Hoy amanecí en formato pachorra mental. Cuando el remisero pregunta a dónde se dirige el joven, le doy dirección y que tome por donde más lo haga feliz.

El tipo se hace el guapo y me dice que derecho por tres de febrero salimos a panamericana. Tres de febrero es de tierra y con lomos de burro y son como treinta cuadras. Se lo digo pero él es capo filcar y me insiste. Pachorra mental se hace fuerte cuando la exigen y entonces lo dejo hablar. Y entonces me banco las sacudidas, las frenadas, las aceleradas y los saltos. Capo filcar dijo que por ahí es más rápido y quiere ser coherente.

A las quince cuadras ya acepta que la está pifiando. Me doy cuenta porque le cazo justo por el retrovisor esa mirada rápida con gesto de mentón elevado y cejas para arriba. No lo quiere reconocer y me hace el cuento. Que por la avenida es peor. Que la semana pasada fue por ahí y estuvo cuarenta minutos para hacer doscientos metros porque no se puede creer la cantidad de autos que hay en la calle. Que por suerte no todos conocen cómo ahorrar tiempo yendo por adentro y que por eso vamos por adentro.
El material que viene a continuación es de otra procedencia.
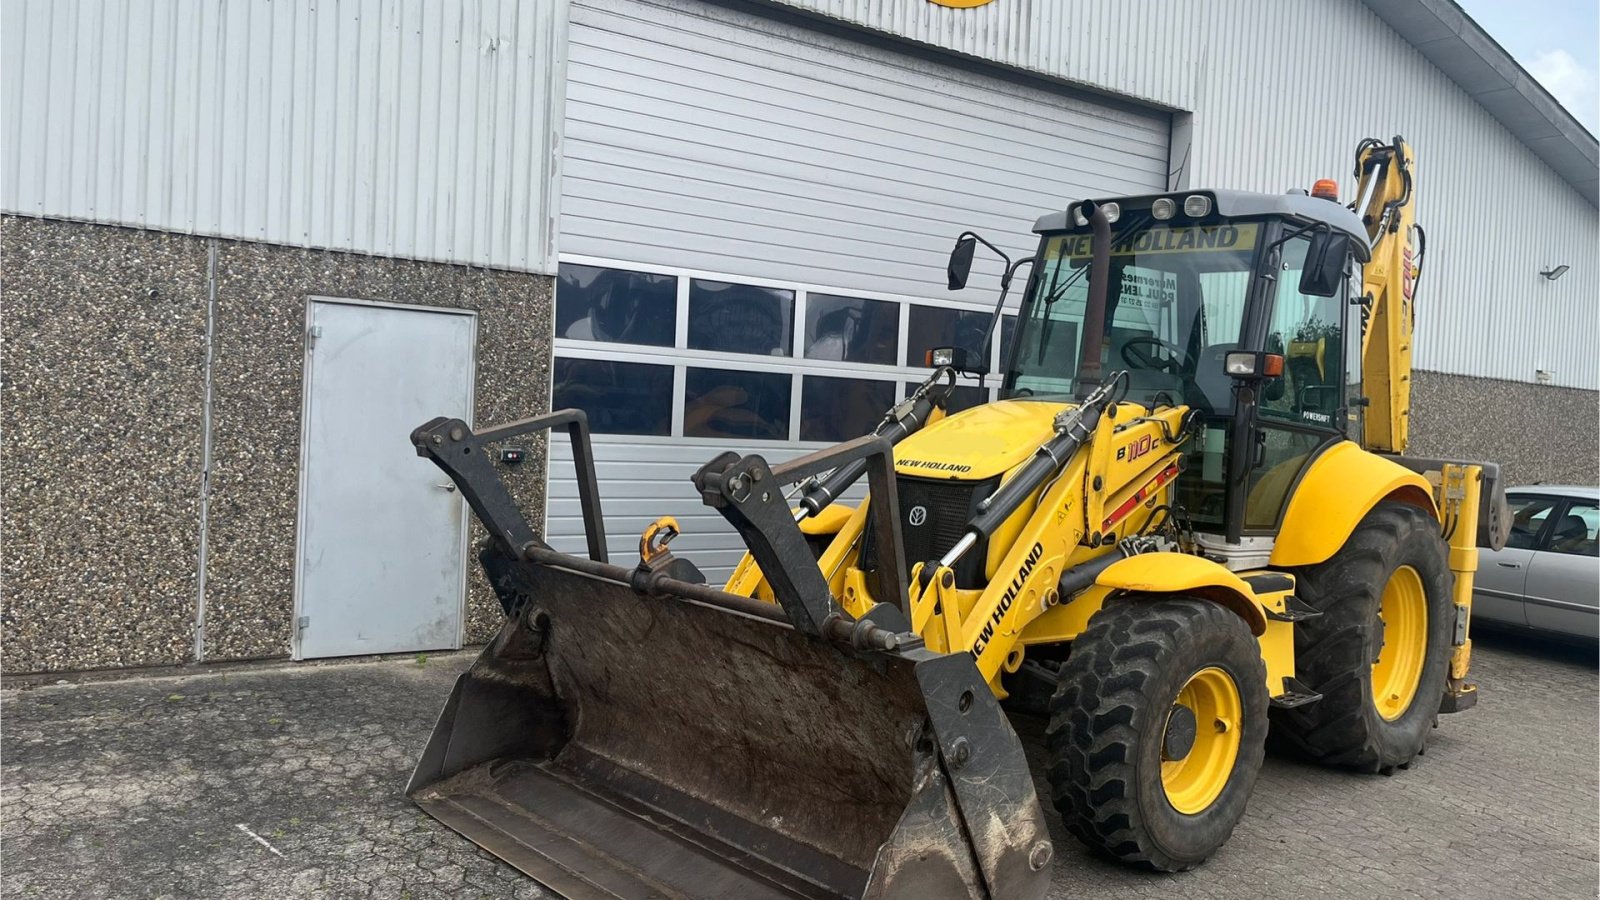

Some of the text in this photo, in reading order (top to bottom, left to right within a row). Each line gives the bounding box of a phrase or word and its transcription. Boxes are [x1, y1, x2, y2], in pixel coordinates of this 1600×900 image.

Capo filcar no para de hablar. Hace zapping de un tema a otro como si se hubiera quedado trabado el botón de ese control remoto que parece no tener función pausa. Seis o siete respuestas con monosílabos no son suficientes para que por lo menos perciba que no hay animus parlandi. Cuando nadie quiere escucharnos, nosotros le hablamos a nuestro otro yo. Ellos le hablan al cliente.

Un tipo serio no prende el ipod porque es una falta de respeto hacia el chofer del coche de alquiler. Yo lamento que se haya quedado sin batería.

La voz de capo filcar ya se confunde con el rechinar de un amortiguador que hace rato pide relevo. El cóctel de sonidos me da ese instante de reflexión y entonces maldigo el momento en que me propuse sacar post todos los jueves. Pachorra mental más rodilla al hombro más baile de laburo me da un jueves sin post. Algún día tenía que pasar.